## [Extracted records]
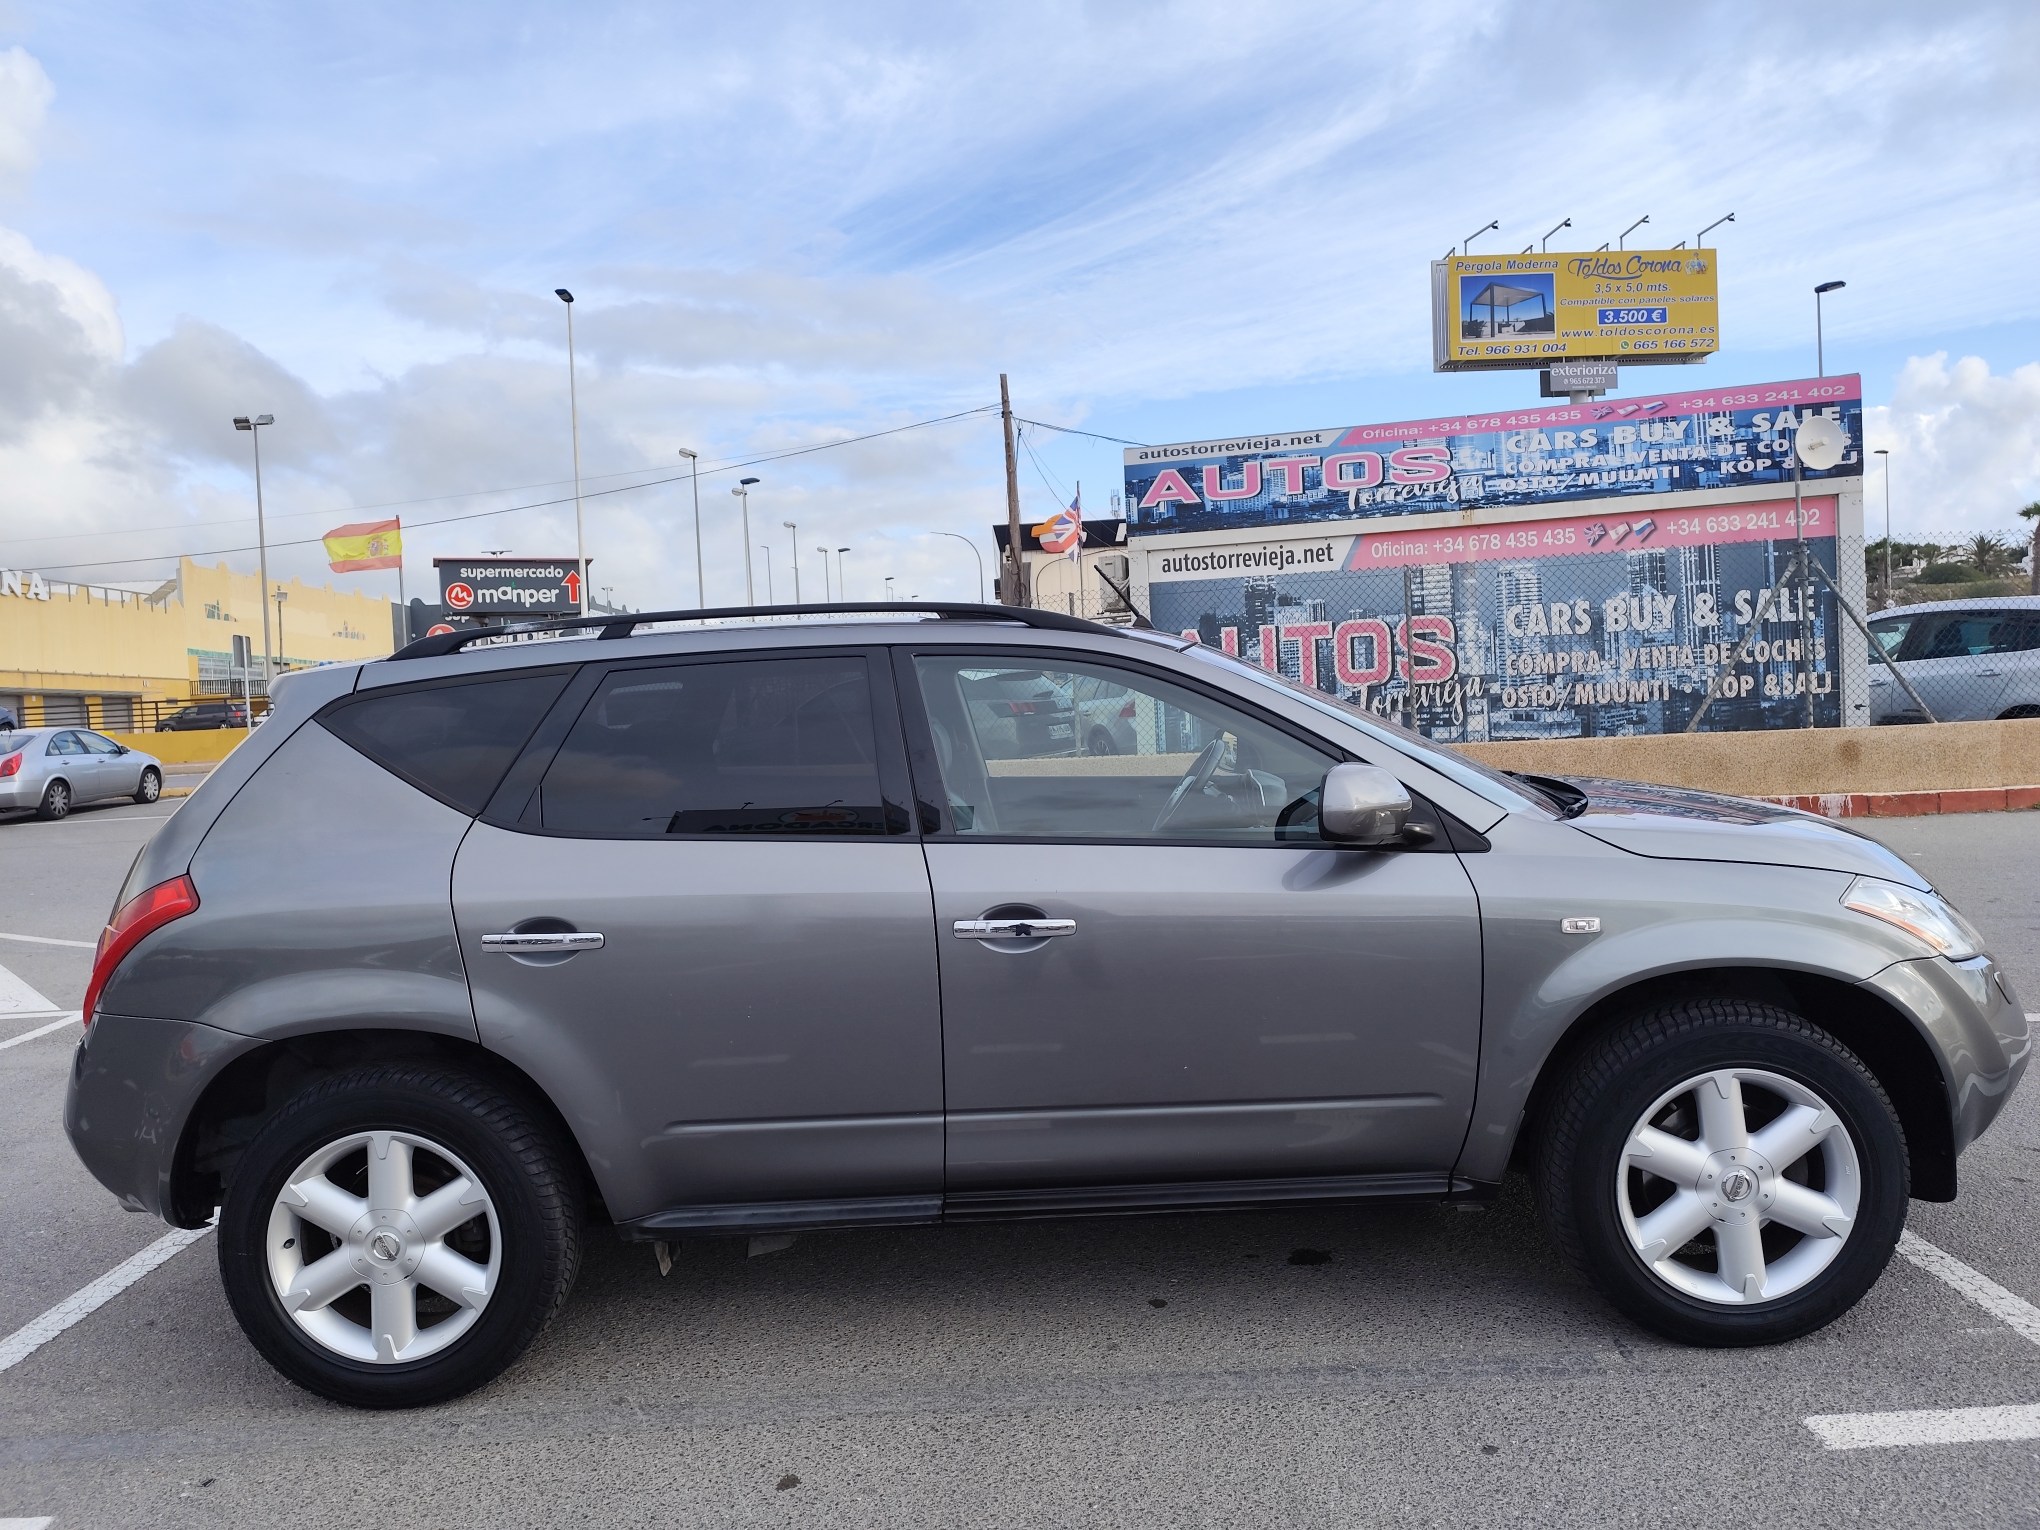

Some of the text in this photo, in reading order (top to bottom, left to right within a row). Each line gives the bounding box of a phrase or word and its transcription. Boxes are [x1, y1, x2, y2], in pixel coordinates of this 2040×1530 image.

[1506, 258, 1559, 270] Moderna
[1567, 255, 1682, 279] Toldos Corona
[1594, 282, 1612, 293] 3,5
[1625, 282, 1643, 293] 5,0
[1646, 282, 1671, 292] mts.
[1559, 294, 1714, 307] Compatible con paneles solares
[1604, 309, 1662, 323] 3.500 €
[1561, 325, 1715, 338] www.toldoscorona.es
[1457, 342, 1567, 356] Tel. 966 931 004
[1633, 338, 1715, 350] 665 166 572
[1551, 364, 1617, 376] exterioriza
[1569, 377, 1581, 385] 965
[1679, 385, 1846, 410] +34 633 241 402
[1138, 410, 1581, 461] autostorrevieja.net Oficina: +34 678 435 435
[1506, 428, 1598, 453] CARS
[1613, 420, 1691, 445] BUY
[1707, 416, 1735, 437] &
[1505, 453, 1608, 475] COMPRA
[1718, 441, 1748, 457] DE
[1720, 457, 1773, 475] KÖP
[1138, 446, 1453, 508] AUTOS
[1342, 475, 1485, 511] Torrevieja
[1666, 508, 1820, 536] +34 633 241 402
[1161, 527, 1576, 574] autostorrevieja.net Oficina: +34 678 435 435
[460, 565, 564, 580] supermercado
[477, 586, 560, 607] manper
[1506, 600, 1592, 638] CARS
[1604, 594, 1678, 633] BUY
[1692, 592, 1721, 628] &
[1181, 614, 1458, 690] TOS
[1703, 642, 1732, 665] DE
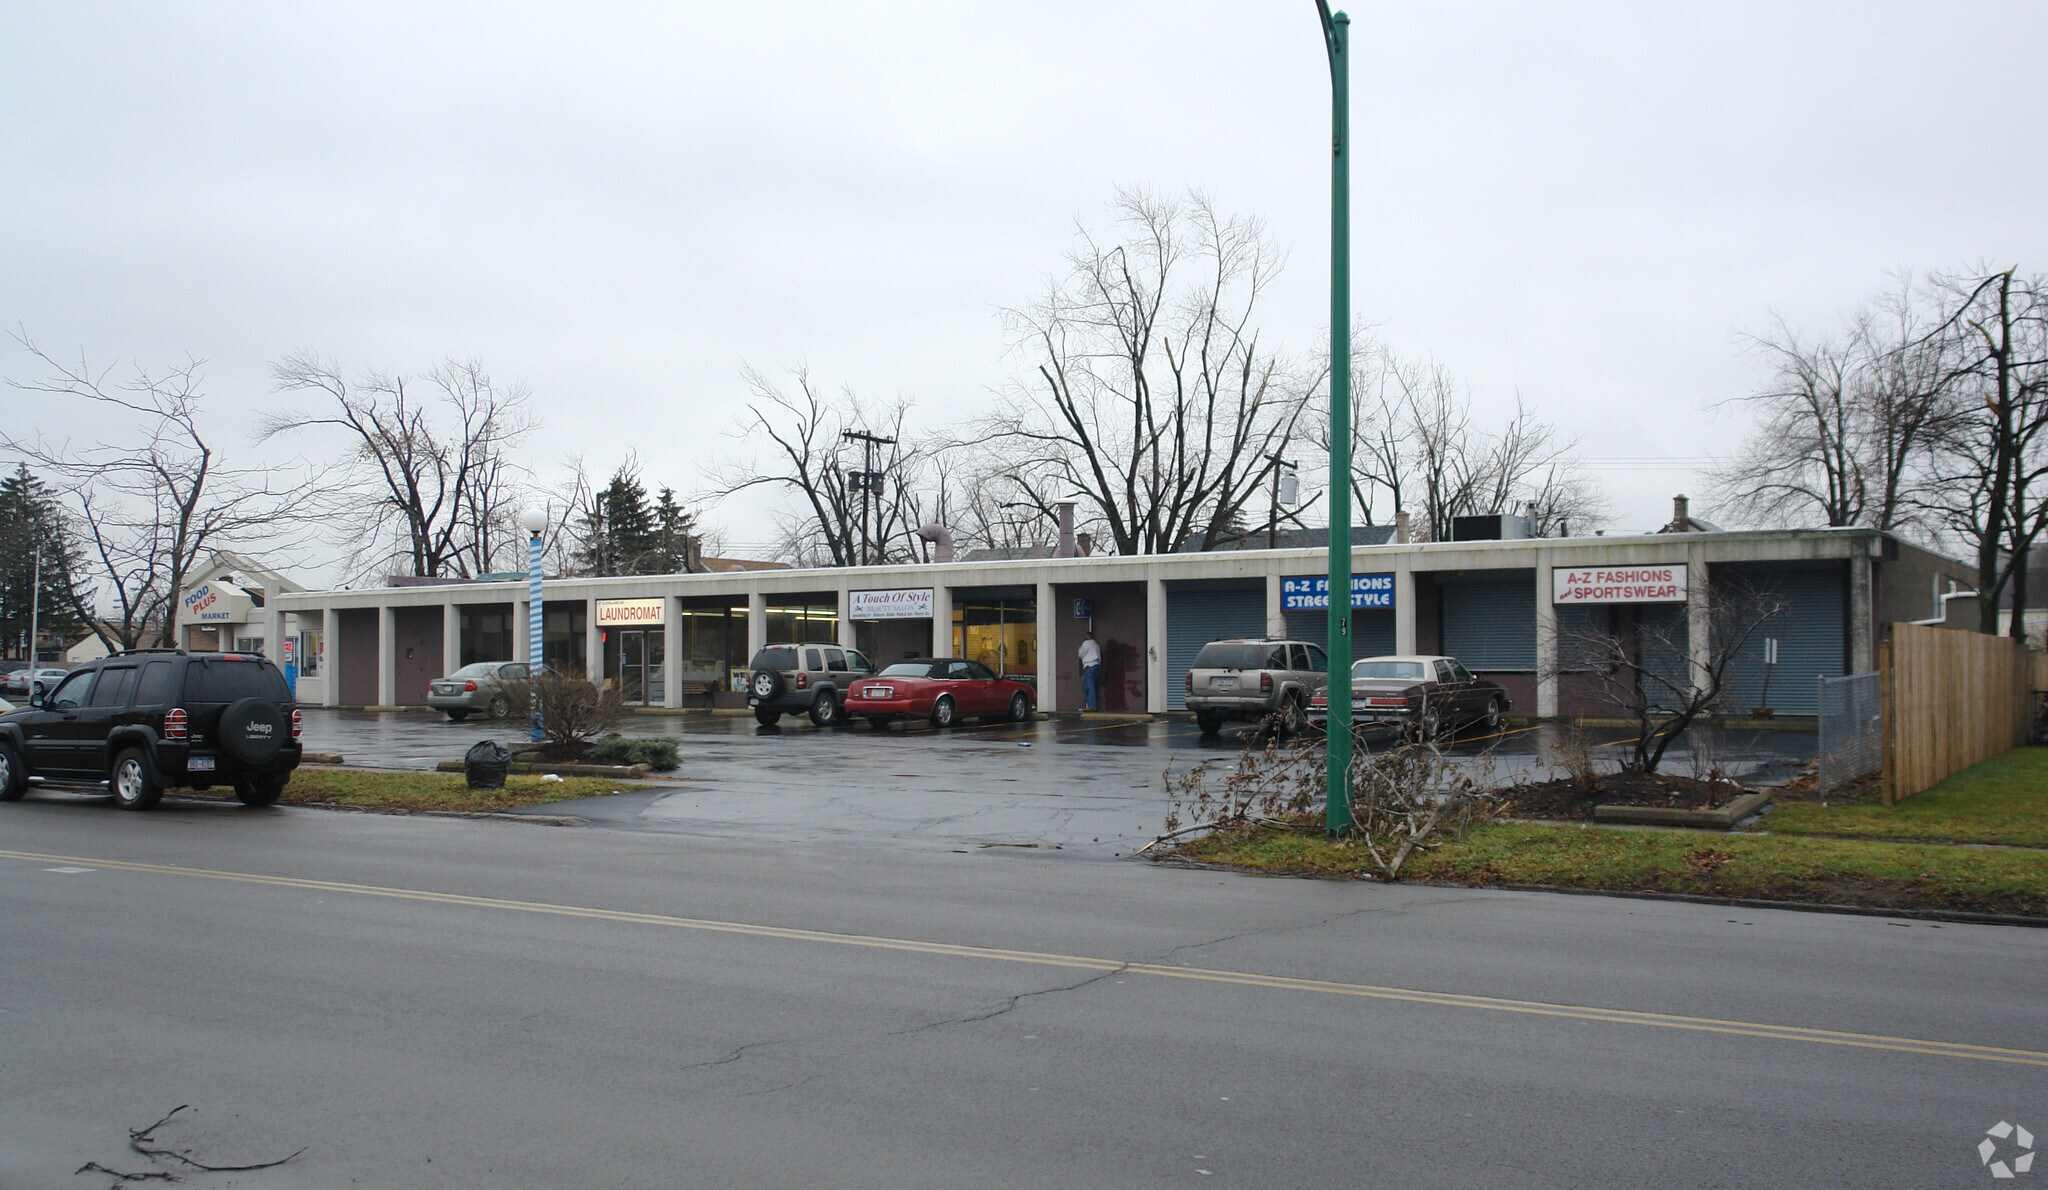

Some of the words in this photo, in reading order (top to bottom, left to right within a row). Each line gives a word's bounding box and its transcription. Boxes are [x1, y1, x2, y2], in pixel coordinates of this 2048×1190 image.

[1567, 572, 1592, 584] A-Z
[1596, 570, 1673, 583] FASHIONS
[1284, 580, 1311, 592] A-Z
[1316, 578, 1392, 592] FIONS
[185, 585, 209, 608] FOOD
[852, 594, 861, 604] A
[863, 593, 890, 604] Touch
[892, 592, 907, 603] Of
[906, 591, 931, 605] Style
[1559, 587, 1573, 600] and
[1574, 585, 1677, 599] SPORTSWEAR
[193, 592, 217, 615] PLUS
[1287, 595, 1330, 607] STREE
[201, 612, 230, 620] MARKET
[600, 606, 662, 621] LAUNDROMAT
[246, 720, 273, 734] Jeep

## [Problem]
Please copy the records above word for word, omitting every picture.

## [Solved problem]
Some of the text in this photo, in reading order (top to bottom, left to right within a row). Each line gives the bounding box of a phrase or word and its transcription. Boxes are [x1, y1, x2, y2], in pixel coordinates of this 2040×1530 image.

[1506, 258, 1559, 270] Moderna
[1567, 255, 1682, 279] Toldos Corona
[1594, 282, 1612, 293] 3,5
[1625, 282, 1643, 293] 5,0
[1646, 282, 1671, 292] mts.
[1559, 294, 1714, 307] Compatible con paneles solares
[1604, 309, 1662, 323] 3.500 €
[1561, 325, 1715, 338] www.toldoscorona.es
[1457, 342, 1567, 356] Tel. 966 931 004
[1633, 338, 1715, 350] 665 166 572
[1551, 364, 1617, 376] exterioriza
[1569, 377, 1581, 385] 965
[1679, 385, 1846, 410] +34 633 241 402
[1138, 410, 1581, 461] autostorrevieja.net Oficina: +34 678 435 435
[1506, 428, 1598, 453] CARS
[1613, 420, 1691, 445] BUY
[1707, 416, 1735, 437] &
[1505, 453, 1608, 475] COMPRA
[1718, 441, 1748, 457] DE
[1720, 457, 1773, 475] KÖP
[1138, 446, 1453, 508] AUTOS
[1342, 475, 1485, 511] Torrevieja
[1666, 508, 1820, 536] +34 633 241 402
[1161, 527, 1576, 574] autostorrevieja.net Oficina: +34 678 435 435
[460, 565, 564, 580] supermercado
[477, 586, 560, 607] manper
[1506, 600, 1592, 638] CARS
[1604, 594, 1678, 633] BUY
[1692, 592, 1721, 628] &
[1181, 614, 1458, 690] TOS
[1703, 642, 1732, 665] DE

Some of the words in this photo, in reading order (top to bottom, left to right within a row). Each line gives a word's bounding box and its transcription. Boxes are [x1, y1, x2, y2], in pixel coordinates of this 2048×1190 image.

[1567, 572, 1592, 584] A-Z
[1596, 570, 1673, 583] FASHIONS
[1284, 580, 1311, 592] A-Z
[1316, 578, 1392, 592] FIONS
[185, 585, 209, 608] FOOD
[852, 594, 861, 604] A
[863, 593, 890, 604] Touch
[892, 592, 907, 603] Of
[906, 591, 931, 605] Style
[1559, 587, 1573, 600] and
[1574, 585, 1677, 599] SPORTSWEAR
[193, 592, 217, 615] PLUS
[1287, 595, 1330, 607] STREE
[201, 612, 230, 620] MARKET
[600, 606, 662, 621] LAUNDROMAT
[246, 720, 273, 734] Jeep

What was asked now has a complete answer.